* [Task prompt]:
Word for word, set down the records and skip each picture.
___
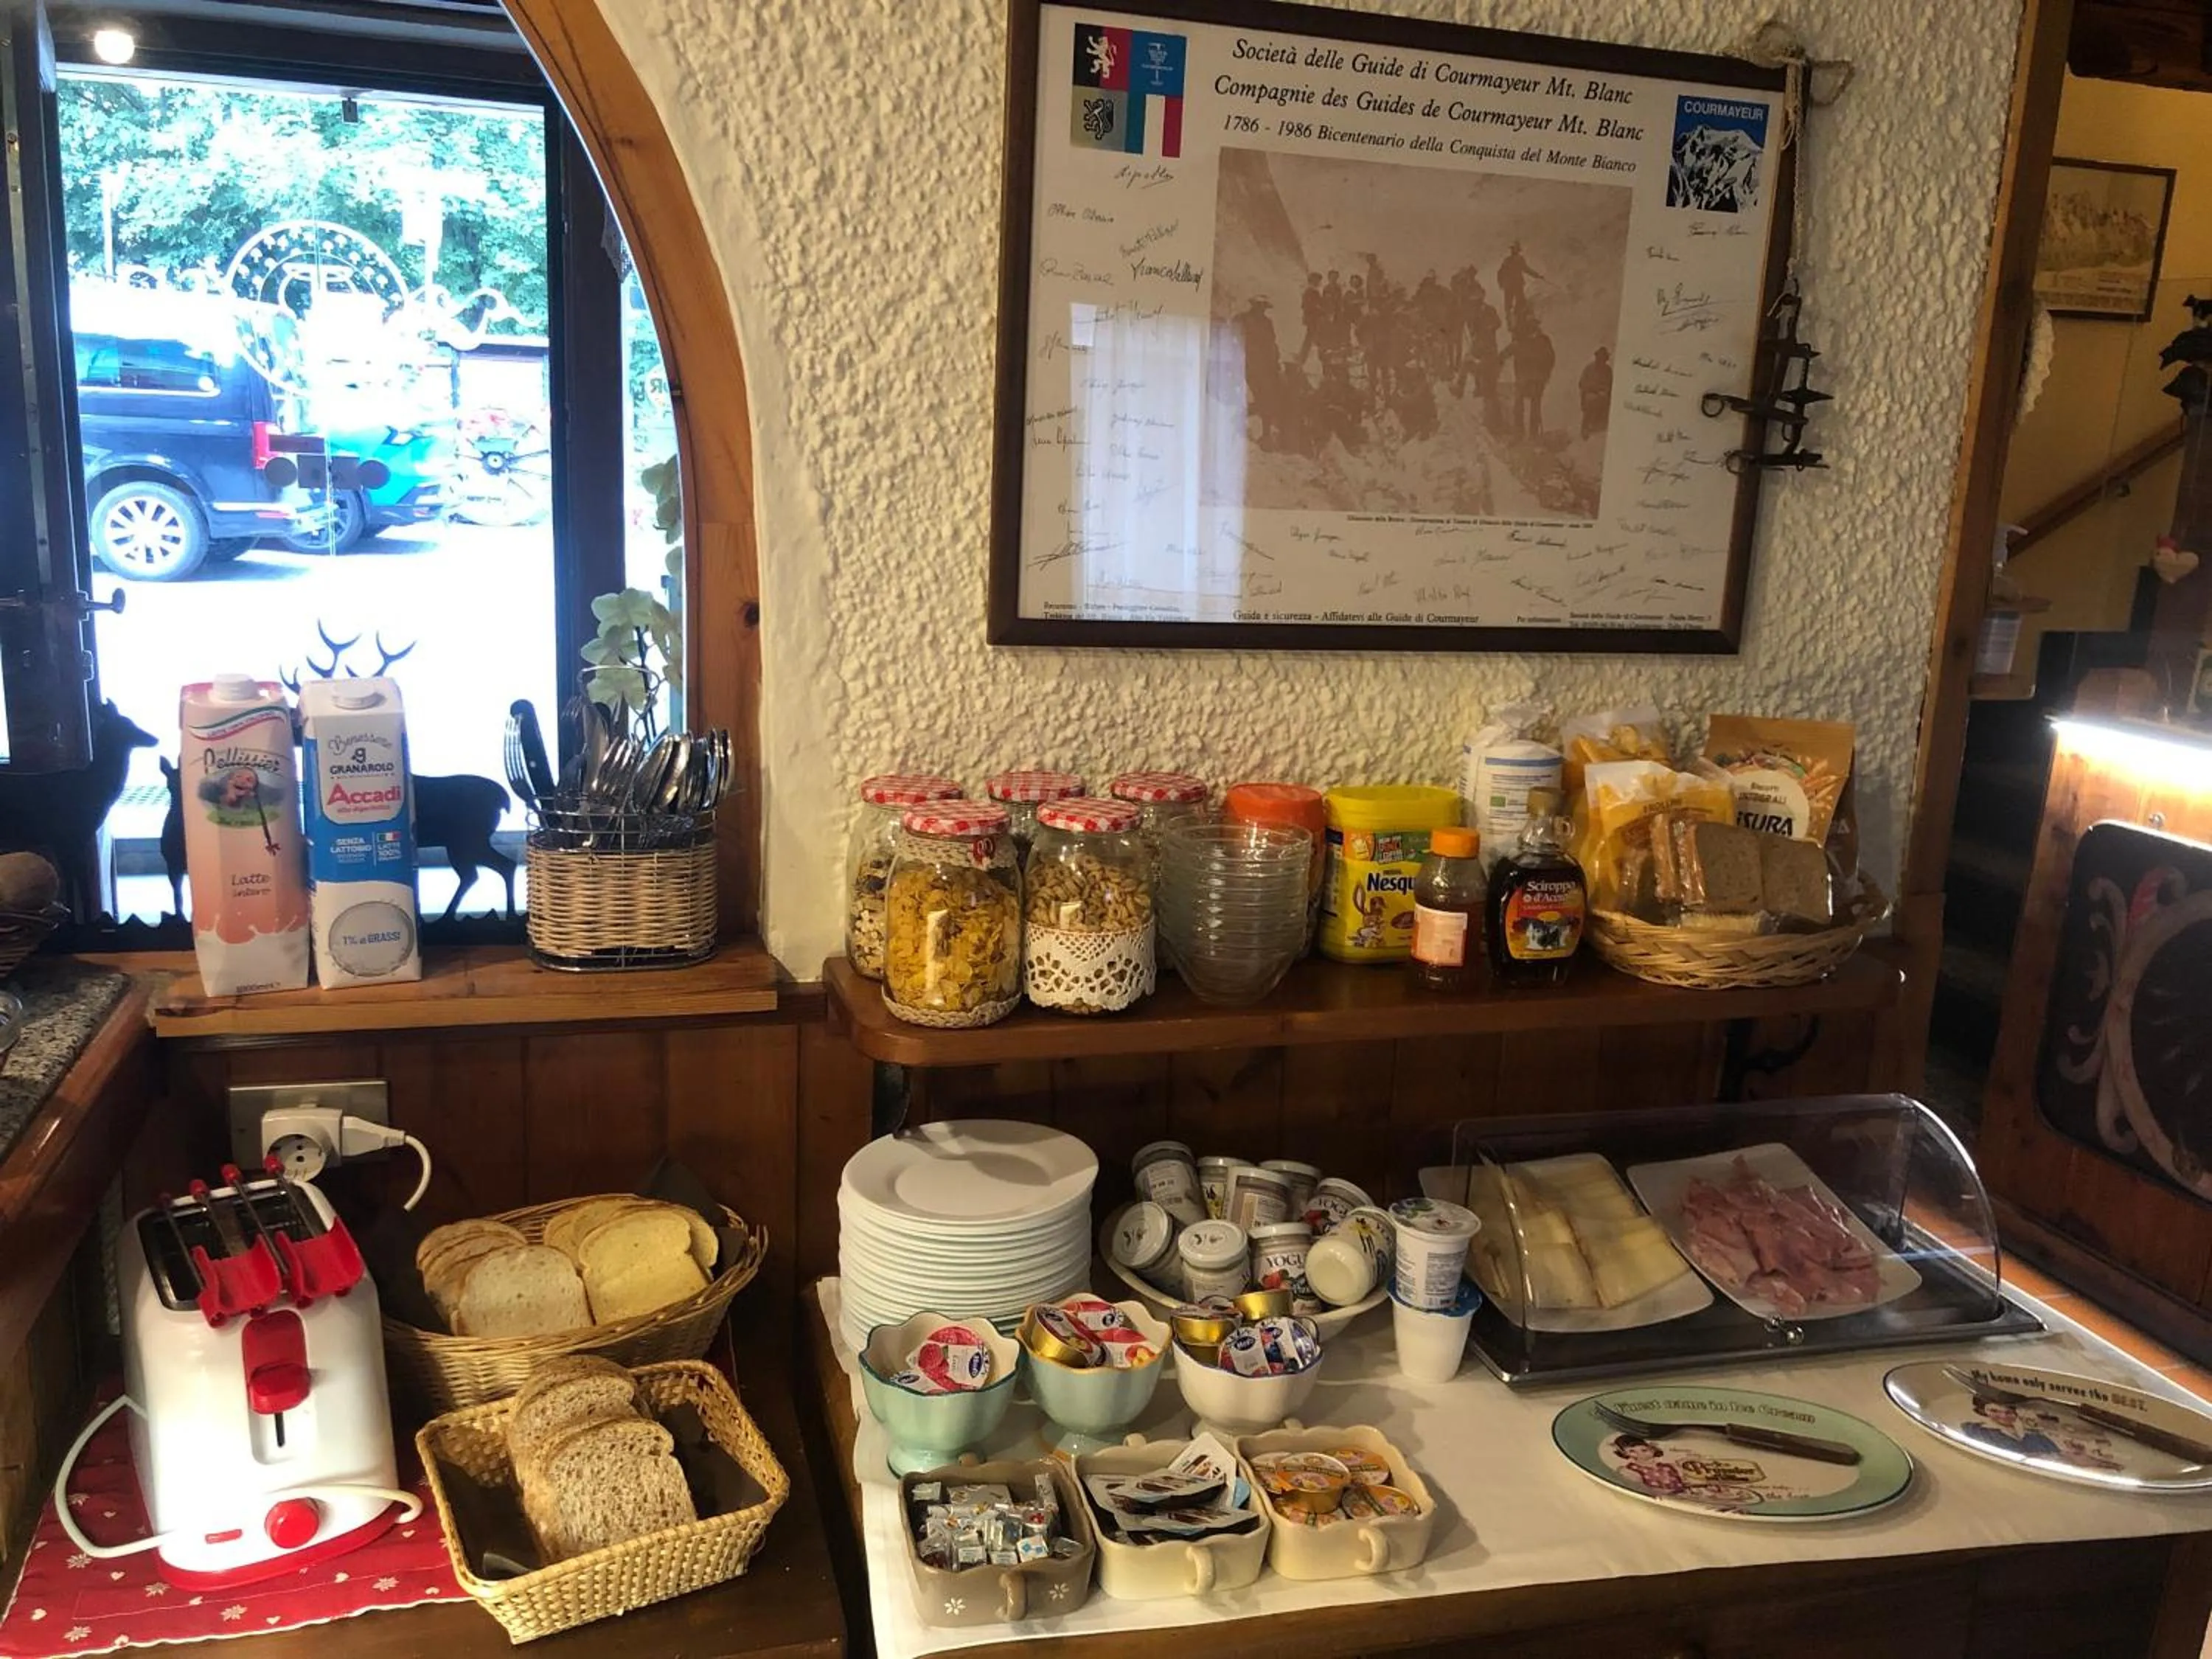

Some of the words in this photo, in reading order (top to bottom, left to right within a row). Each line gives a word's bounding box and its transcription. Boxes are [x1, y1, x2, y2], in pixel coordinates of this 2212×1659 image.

[1232, 38, 1297, 64] Società
[1304, 47, 1344, 70] delle
[1352, 52, 1404, 77] Guide
[1409, 60, 1429, 80] di
[1435, 63, 1540, 94] Courmayeur
[1545, 76, 1576, 98] Mt.
[1584, 80, 1633, 104] Blanc
[1214, 74, 1316, 107] Compagnie
[1321, 87, 1348, 108] des
[1356, 91, 1415, 116] Guides
[1421, 98, 1441, 118] de
[1448, 101, 1553, 132] Courmayeur
[1557, 114, 1587, 135] Mt.
[1596, 118, 1644, 141] Blanc
[1683, 100, 1764, 122] COURMAYEUR
[1223, 114, 1259, 133] 1786
[1277, 119, 1312, 139] 1986
[1318, 124, 1405, 150] Bicentenario
[1409, 135, 1444, 153] della
[1450, 139, 1516, 161] Conquista
[1520, 147, 1543, 163] del
[1546, 150, 1587, 168] Monte
[1592, 153, 1637, 173] Bianco
[330, 762, 394, 775] GRANAROLO
[232, 873, 271, 886] Latte
[1366, 872, 1416, 896] Nesqu
[1989, 1371, 2020, 1385] home
[2023, 1377, 2045, 1392] only
[2048, 1382, 2086, 1397] serves
[2089, 1388, 2109, 1402] the
___
* [Task answer]:
Some of the words in this photo, in reading order (top to bottom, left to right within a row). Each line gives a word's bounding box and its transcription. Boxes are [x1, y1, x2, y2], in pixel coordinates of this 2212×1659 image.

[1232, 38, 1297, 64] Società
[1304, 47, 1344, 70] delle
[1352, 52, 1404, 77] Guide
[1409, 60, 1429, 80] di
[1435, 63, 1540, 94] Courmayeur
[1545, 76, 1576, 98] Mt.
[1584, 80, 1633, 104] Blanc
[1214, 74, 1316, 107] Compagnie
[1321, 87, 1348, 108] des
[1356, 91, 1415, 116] Guides
[1421, 98, 1441, 118] de
[1448, 101, 1553, 132] Courmayeur
[1557, 114, 1587, 135] Mt.
[1596, 118, 1644, 141] Blanc
[1683, 100, 1764, 122] COURMAYEUR
[1223, 114, 1259, 133] 1786
[1277, 119, 1312, 139] 1986
[1318, 124, 1405, 150] Bicentenario
[1409, 135, 1444, 153] della
[1450, 139, 1516, 161] Conquista
[1520, 147, 1543, 163] del
[1546, 150, 1587, 168] Monte
[1592, 153, 1637, 173] Bianco
[330, 762, 394, 775] GRANAROLO
[232, 873, 271, 886] Latte
[1366, 872, 1416, 896] Nesqu
[1989, 1371, 2020, 1385] home
[2023, 1377, 2045, 1392] only
[2048, 1382, 2086, 1397] serves
[2089, 1388, 2109, 1402] the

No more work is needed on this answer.